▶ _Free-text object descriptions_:
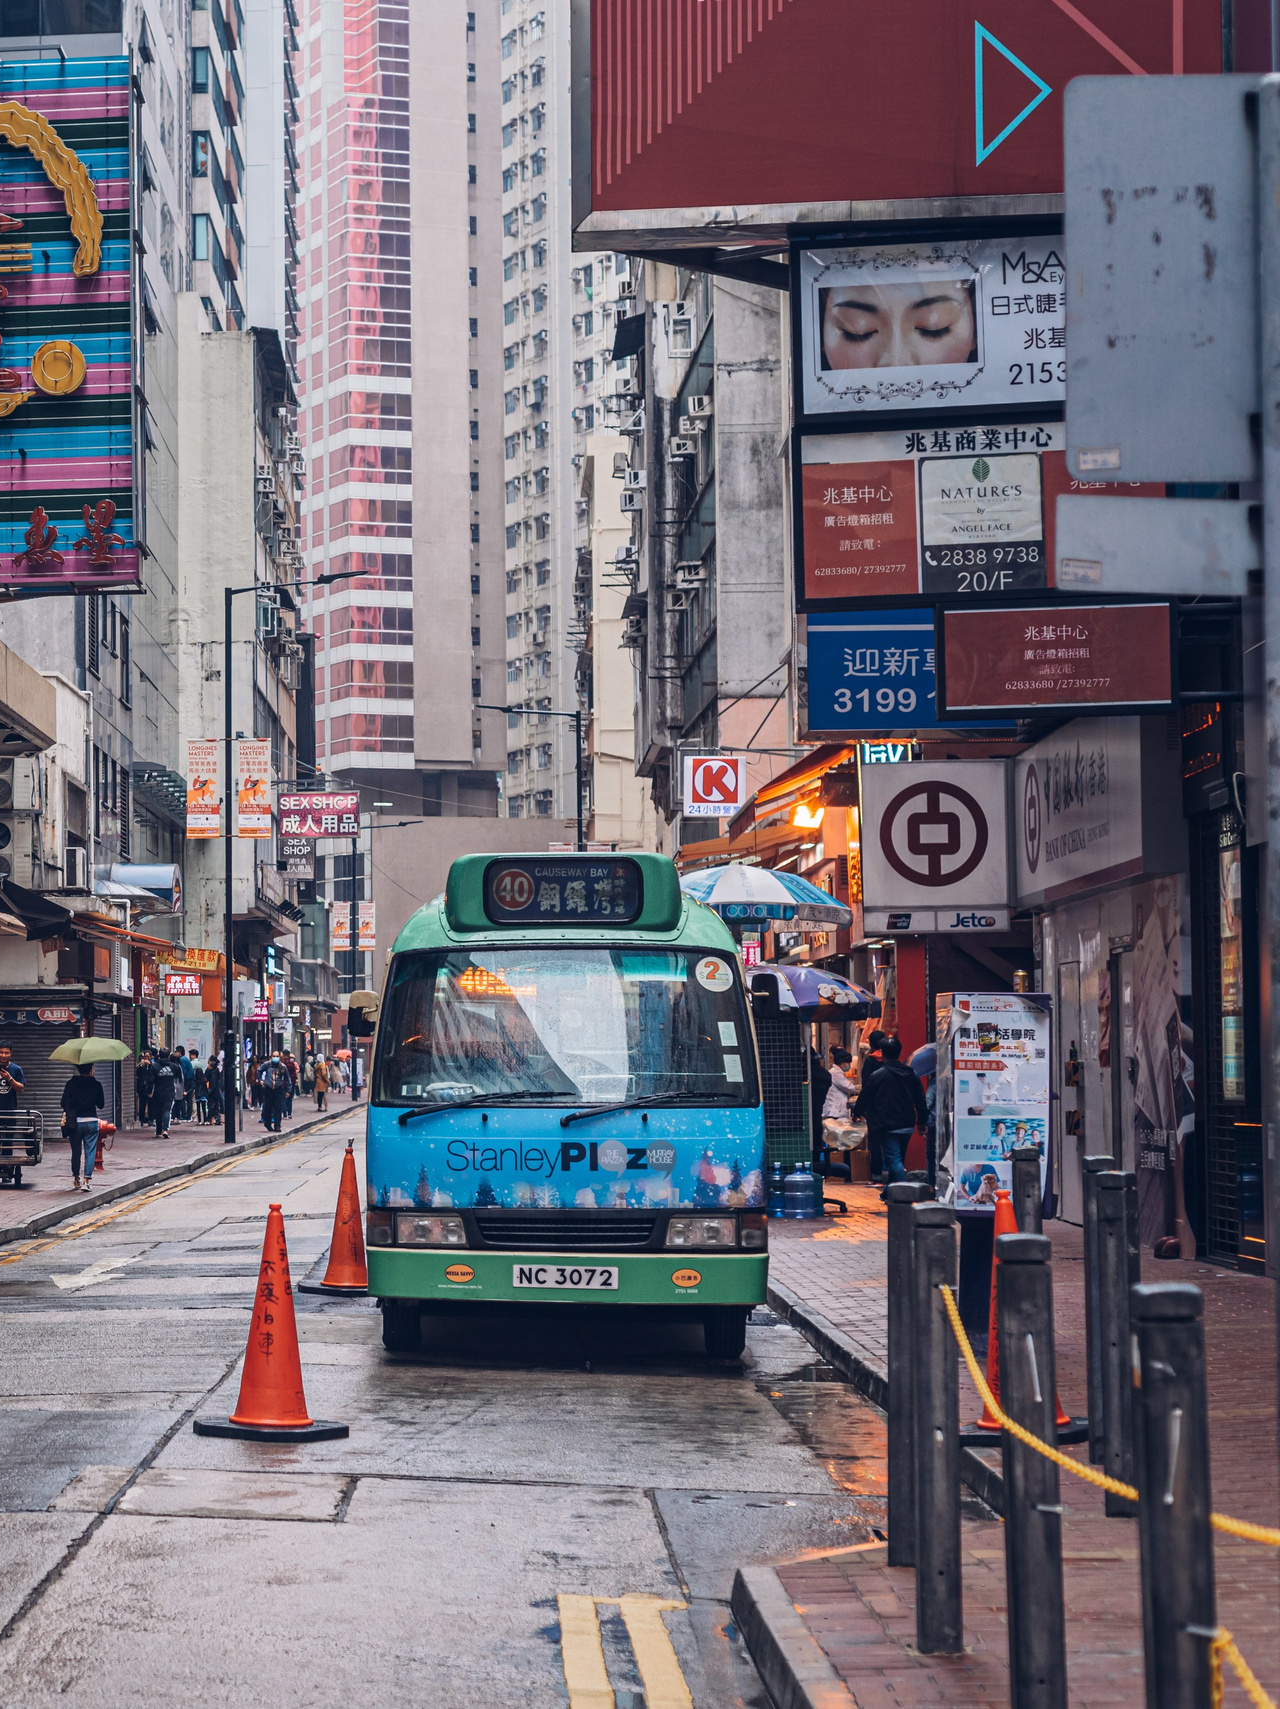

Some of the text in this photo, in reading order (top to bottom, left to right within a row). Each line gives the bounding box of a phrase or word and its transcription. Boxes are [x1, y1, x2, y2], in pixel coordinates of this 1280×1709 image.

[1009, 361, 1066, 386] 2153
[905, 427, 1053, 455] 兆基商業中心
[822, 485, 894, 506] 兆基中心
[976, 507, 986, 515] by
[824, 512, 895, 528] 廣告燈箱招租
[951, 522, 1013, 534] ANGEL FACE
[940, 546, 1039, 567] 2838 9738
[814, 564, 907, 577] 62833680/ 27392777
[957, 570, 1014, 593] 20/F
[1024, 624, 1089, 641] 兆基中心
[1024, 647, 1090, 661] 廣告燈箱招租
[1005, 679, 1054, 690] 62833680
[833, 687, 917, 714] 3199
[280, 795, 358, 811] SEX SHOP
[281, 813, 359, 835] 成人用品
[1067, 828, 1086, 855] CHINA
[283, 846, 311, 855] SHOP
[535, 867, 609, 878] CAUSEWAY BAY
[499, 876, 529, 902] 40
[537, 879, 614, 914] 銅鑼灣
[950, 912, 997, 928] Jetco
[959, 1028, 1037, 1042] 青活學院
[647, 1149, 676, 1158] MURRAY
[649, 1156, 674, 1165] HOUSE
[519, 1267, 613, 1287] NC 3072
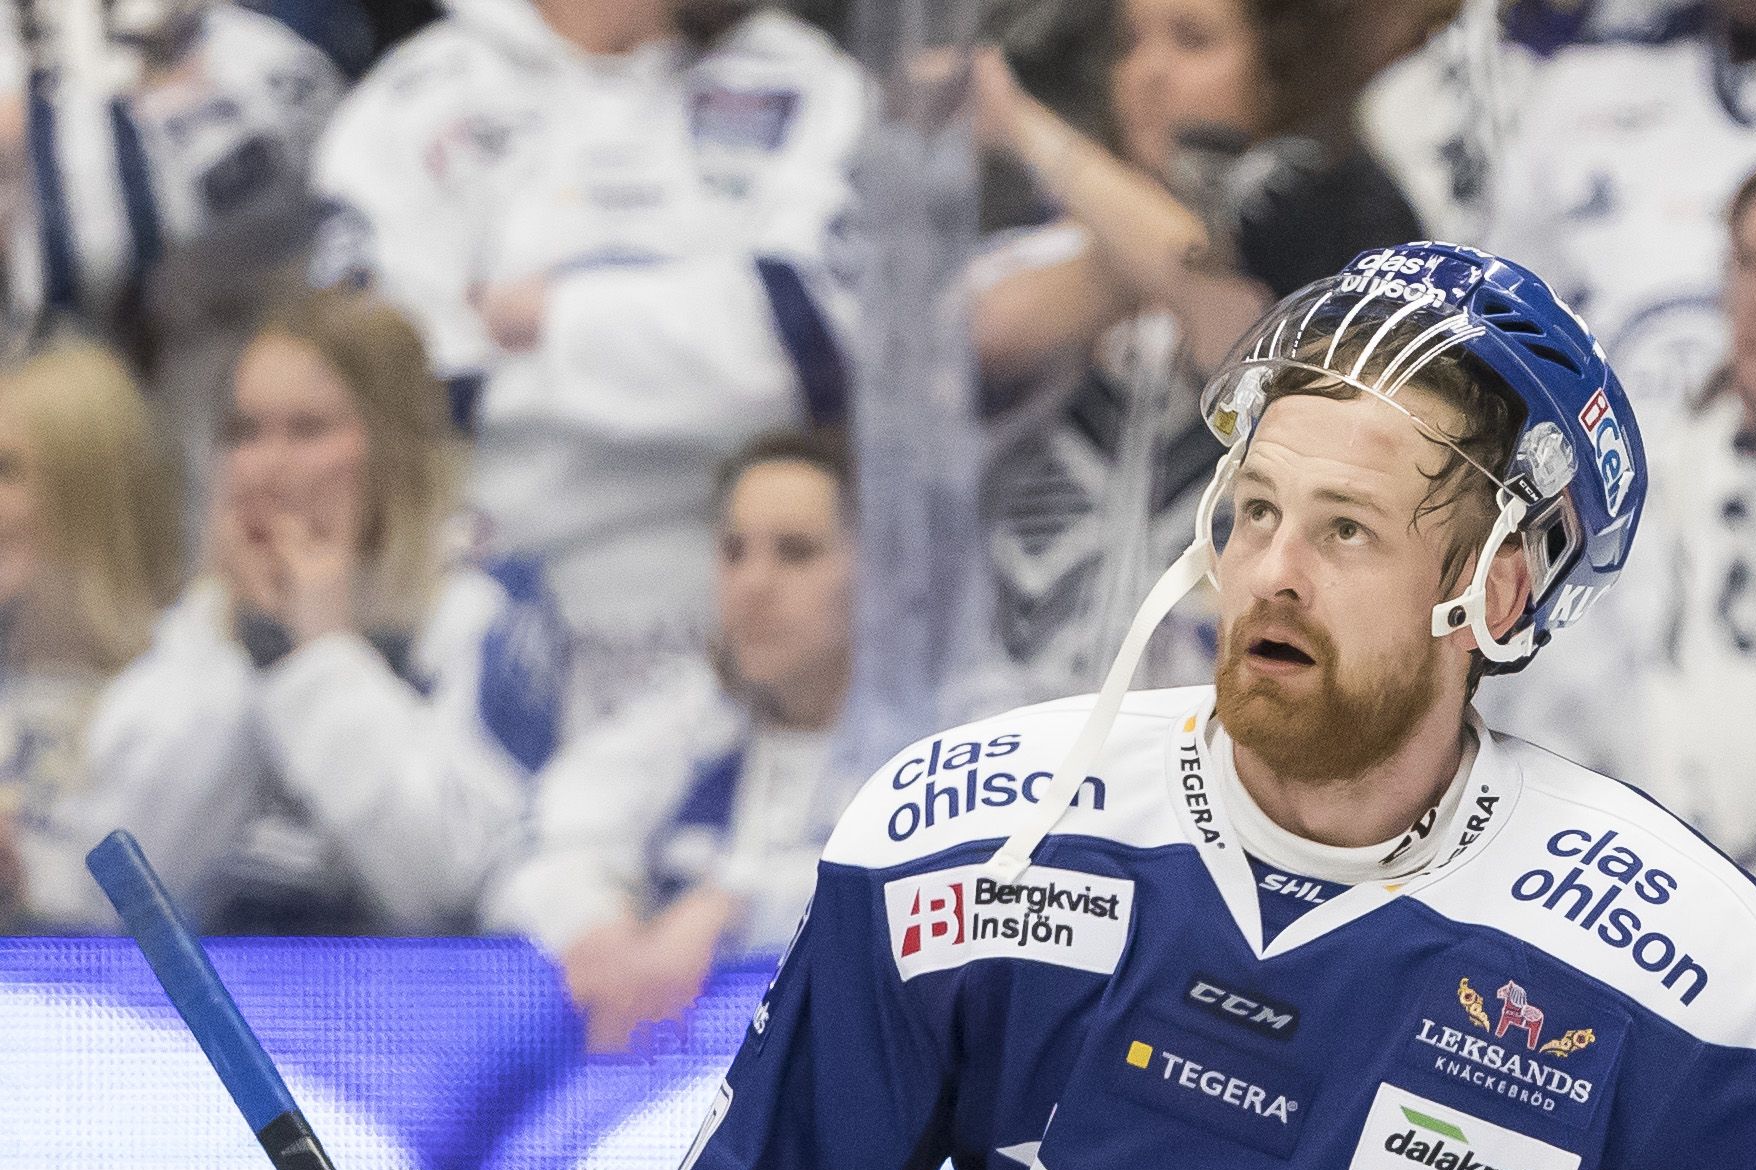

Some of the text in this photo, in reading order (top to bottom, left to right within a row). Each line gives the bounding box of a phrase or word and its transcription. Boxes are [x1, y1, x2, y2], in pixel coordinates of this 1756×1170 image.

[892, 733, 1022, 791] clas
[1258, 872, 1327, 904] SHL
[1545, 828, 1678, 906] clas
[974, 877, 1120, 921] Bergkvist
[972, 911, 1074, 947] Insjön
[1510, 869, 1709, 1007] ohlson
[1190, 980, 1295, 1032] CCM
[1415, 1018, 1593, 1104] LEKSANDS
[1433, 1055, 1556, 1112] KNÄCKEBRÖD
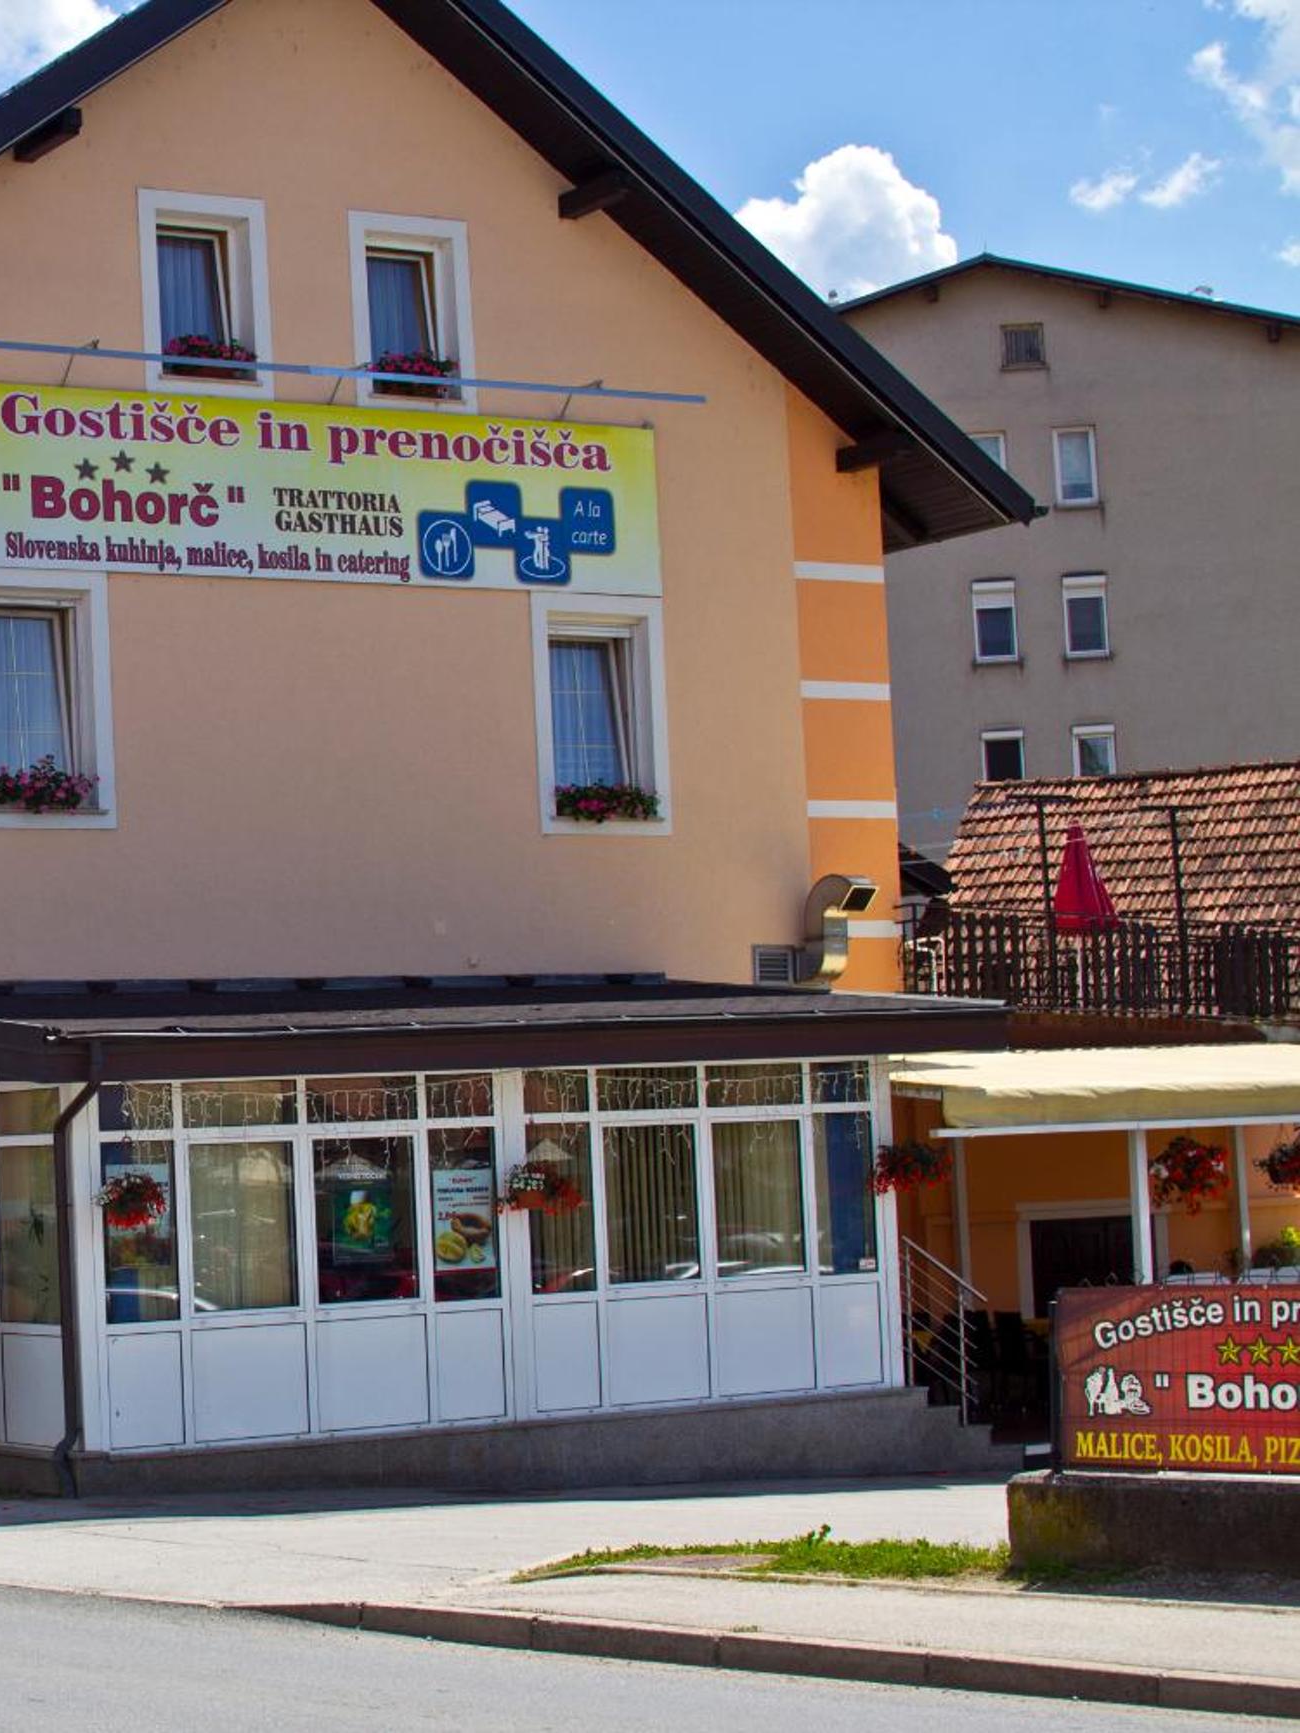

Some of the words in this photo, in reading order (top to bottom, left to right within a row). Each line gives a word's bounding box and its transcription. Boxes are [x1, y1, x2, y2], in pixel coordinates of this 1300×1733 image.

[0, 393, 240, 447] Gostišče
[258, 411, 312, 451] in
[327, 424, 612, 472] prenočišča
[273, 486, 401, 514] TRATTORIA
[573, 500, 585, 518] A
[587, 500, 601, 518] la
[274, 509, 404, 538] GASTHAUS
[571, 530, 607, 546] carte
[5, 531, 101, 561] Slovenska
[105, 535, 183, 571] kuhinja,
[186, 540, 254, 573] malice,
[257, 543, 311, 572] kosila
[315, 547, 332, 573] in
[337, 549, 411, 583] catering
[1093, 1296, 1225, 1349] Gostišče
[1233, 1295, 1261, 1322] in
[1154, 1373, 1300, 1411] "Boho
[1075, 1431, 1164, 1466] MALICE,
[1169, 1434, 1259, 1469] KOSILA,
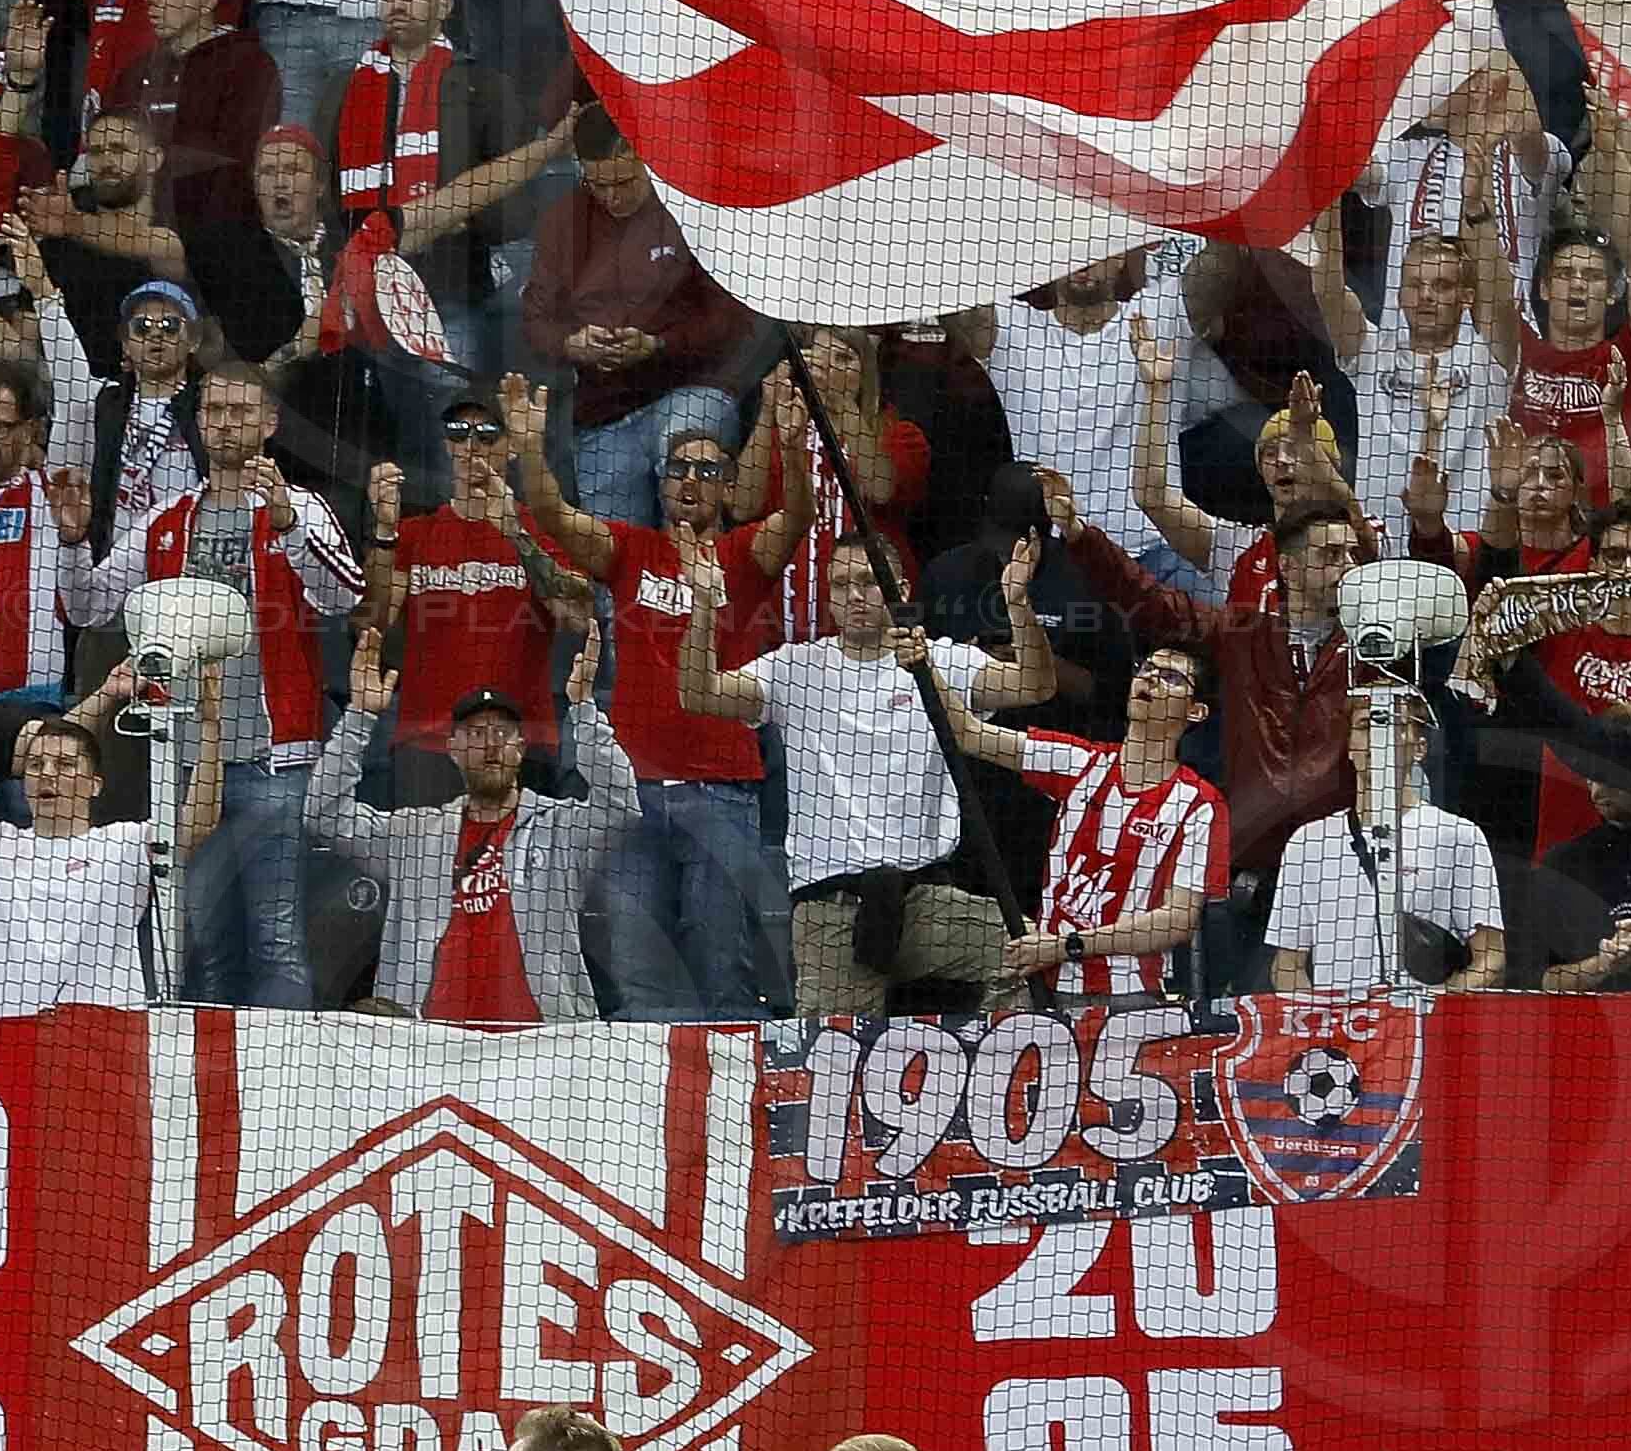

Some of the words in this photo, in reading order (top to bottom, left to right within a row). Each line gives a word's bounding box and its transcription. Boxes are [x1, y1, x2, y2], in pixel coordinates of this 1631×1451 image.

▶ _ABOUT THIS TASK_:
Write out every record above exactly, leaving no picture in the result.

▶ _ANSWER FOR THIS EXERCISE_:
Some of the text in this photo, in reading order (top to bottom, left to right within a row). Each line gives the bounding box of a phrase or word and its transcription. Boxes are [x1, y1, x2, y2], in pixel coordinates of this 1280×1709 image.

[1009, 361, 1066, 386] 2153
[905, 427, 1053, 455] 兆基商業中心
[822, 485, 894, 506] 兆基中心
[976, 507, 986, 515] by
[824, 512, 895, 528] 廣告燈箱招租
[951, 522, 1013, 534] ANGEL FACE
[940, 546, 1039, 567] 2838 9738
[814, 564, 907, 577] 62833680/ 27392777
[957, 570, 1014, 593] 20/F
[1024, 624, 1089, 641] 兆基中心
[1024, 647, 1090, 661] 廣告燈箱招租
[1005, 679, 1054, 690] 62833680
[833, 687, 917, 714] 3199
[280, 795, 358, 811] SEX SHOP
[281, 813, 359, 835] 成人用品
[1067, 828, 1086, 855] CHINA
[283, 846, 311, 855] SHOP
[535, 867, 609, 878] CAUSEWAY BAY
[499, 876, 529, 902] 40
[537, 879, 614, 914] 銅鑼灣
[950, 912, 997, 928] Jetco
[959, 1028, 1037, 1042] 青活學院
[647, 1149, 676, 1158] MURRAY
[649, 1156, 674, 1165] HOUSE
[519, 1267, 613, 1287] NC 3072

Some of the text in this photo, in reading order (top to bottom, left to right within a row). Each line gives the bounding box of a phrase or word and its transcription. Boxes are [x1, y1, x2, y2], in pixel coordinates of this 1756×1170 image.

[892, 733, 1022, 791] clas
[1258, 872, 1327, 904] SHL
[1545, 828, 1678, 906] clas
[974, 877, 1120, 921] Bergkvist
[972, 911, 1074, 947] Insjön
[1510, 869, 1709, 1007] ohlson
[1190, 980, 1295, 1032] CCM
[1415, 1018, 1593, 1104] LEKSANDS
[1433, 1055, 1556, 1112] KNÄCKEBRÖD

Some of the words in this photo, in reading order (top to bottom, left to right within a row). Each line gives a word's bounding box and its transcription. Boxes are [x1, y1, x2, y2], in pixel coordinates of this 1300×1733 image.

[0, 393, 240, 447] Gostišče
[258, 411, 312, 451] in
[327, 424, 612, 472] prenočišča
[273, 486, 401, 514] TRATTORIA
[573, 500, 585, 518] A
[587, 500, 601, 518] la
[274, 509, 404, 538] GASTHAUS
[571, 530, 607, 546] carte
[5, 531, 101, 561] Slovenska
[105, 535, 183, 571] kuhinja,
[186, 540, 254, 573] malice,
[257, 543, 311, 572] kosila
[315, 547, 332, 573] in
[337, 549, 411, 583] catering
[1093, 1296, 1225, 1349] Gostišče
[1233, 1295, 1261, 1322] in
[1154, 1373, 1300, 1411] "Boho
[1075, 1431, 1164, 1466] MALICE,
[1169, 1434, 1259, 1469] KOSILA,

Some of the words in this photo, in reading order (top to bottom, left to right within a row). Each line gives a word's bounding box and its transcription. Boxes are [x1, y1, x2, y2], in pixel coordinates of this 1631×1451 image.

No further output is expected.